If you’ve ever felt like having a little bit of chocolate improves your mood, you may be right. A preliminary study shows that eating dark chocolate (70% cacao) lowered chemical markers of stress. The mood benefits are more likely to be due to the good taste of cocoa products, rather than to specific nutrients, one report shows.
Improved Cognitive Function?
A specific flavanol in cacao called epicatechin may help with some parts of brain health, including cognition and blood flow. If so, that could lead to a lower risk of dementia. More research is needed before we can know if this holds true.
Cacao powder provides more nutrition than cocoa powder and can be a healthier substitute in recipes. Cacao powder provides:
Nutrients per Serving
Two tablespoons of cacao powder contain:
The biggest health risk is getting too much of a good thing.
Caffeine: A 2-tablespoon serving has about 50 milligrams of caffeine, roughly half as much caffeine as in the average cup of coffee. Bear this in mind if you are sensitive to caffeine.
Sugar, calories, and fat: Though cacao powder is often used as a substitute for cocoa powder in recipes, swapping the powders doesn’t automatically make a recipe healthy. Check on the amount of sugar and unhealthy fats in recipes or cocoa products, including chocolate.

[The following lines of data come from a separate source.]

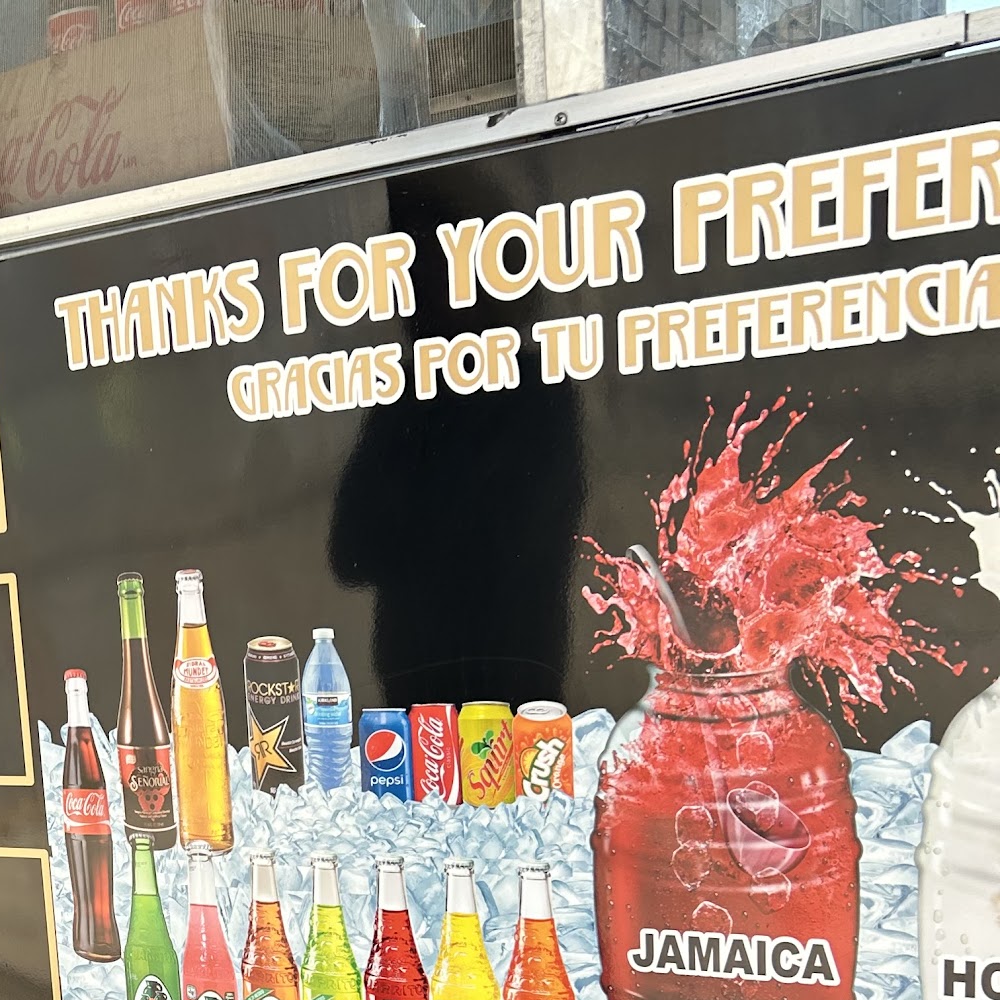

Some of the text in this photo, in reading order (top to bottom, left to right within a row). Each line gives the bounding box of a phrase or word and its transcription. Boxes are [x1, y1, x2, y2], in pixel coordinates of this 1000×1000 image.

[56, 121, 1000, 371] THANKS FOR YOUR PREFER
[226, 254, 1000, 422] GRACIAS POR TU PREFERENCIA
[370, 774, 405, 787] pepsi
[467, 719, 513, 800] Squirt
[522, 737, 566, 802] Crush
[627, 928, 841, 986] JAMAICA

Pregnant or new mom? Eating too much cacao during pregnancy or breastfeeding may be harmful.
Risk for pets: For dogs and cats, a compound found in cacao called theobromine is very toxic.
How to Prepare Cacao
Using raw cacao powder is probably the easiest way to add raw cacao to your diet. Here are a few ways to start enjoying the health benefits of cacao:
- Add cacao powder, natural peanut butter, and maple syrup to plain Greek yogurt for a tasty treat.
- Follow a recipe that combines raw cacao powder, eggs, brown sugar, almond meal, and butter to make a flourless cacao fudge cake.
- Crumble walnuts in a food processor, then add dates and raw cacao to create three-ingredient energy balls.
- Blend raw cacao powder, water, almond butter, cinnamon, banana, and ice for a delightful banana cacao smoothie.
- Sprinkle cacao powder over a bowl of fresh fruit – pineapples, raspberries, and bananas all make great pairings with cacao.
- Look for a recipe for healthy chocolate bread using ingredients like raw cacao powder, spelt flour, eggs, coconut milk, raw honey, and pistachios.
- Add cacao nibs when you make a smoothie or granola, or sprinkle them on top of your oatmeal.
Cacao vs. Cocoa
Cacao powder is similar to cocoa powder in flavor and function, but it’s more nutritious overall. Many dessert recipes call for cacao powder because of its minimal processing and nutrition density. Making the switch is an easy way to get more nutrients when you’re baking.
Cacao powder looks almost identical to cocoa powder and can be used much the same way. You can substitute cocoa powder for an equal amount of cacao powder in recipes that call for it, though the flavor might not be as sweet. Cacao powder also absorbs more liquid than cocoa powder, so you may need to increase the measurement of liquid ingredients in a recipe.
Just like cocoa powder, you can use cacao powder to make brownies, cakes, cookies, and other chocolatey desserts. Here are a few other ways to use cacao powder:
- Sprinkle it on top of peanut butter on toast.
- Use it as an ingredient in homemade hot cocoa mix.
- Add it to a smoothie.
- Add it to plain or vanilla Greek yogurt.
- Add it to a pot of chili for a deeper flavor.
- Use it as an oatmeal mix-in.
- Dust it onto brownie and cake baking pans to prevent sticking.
But remember that even cacao powder has fat, so be mindful of the fat and calories when you are indulging.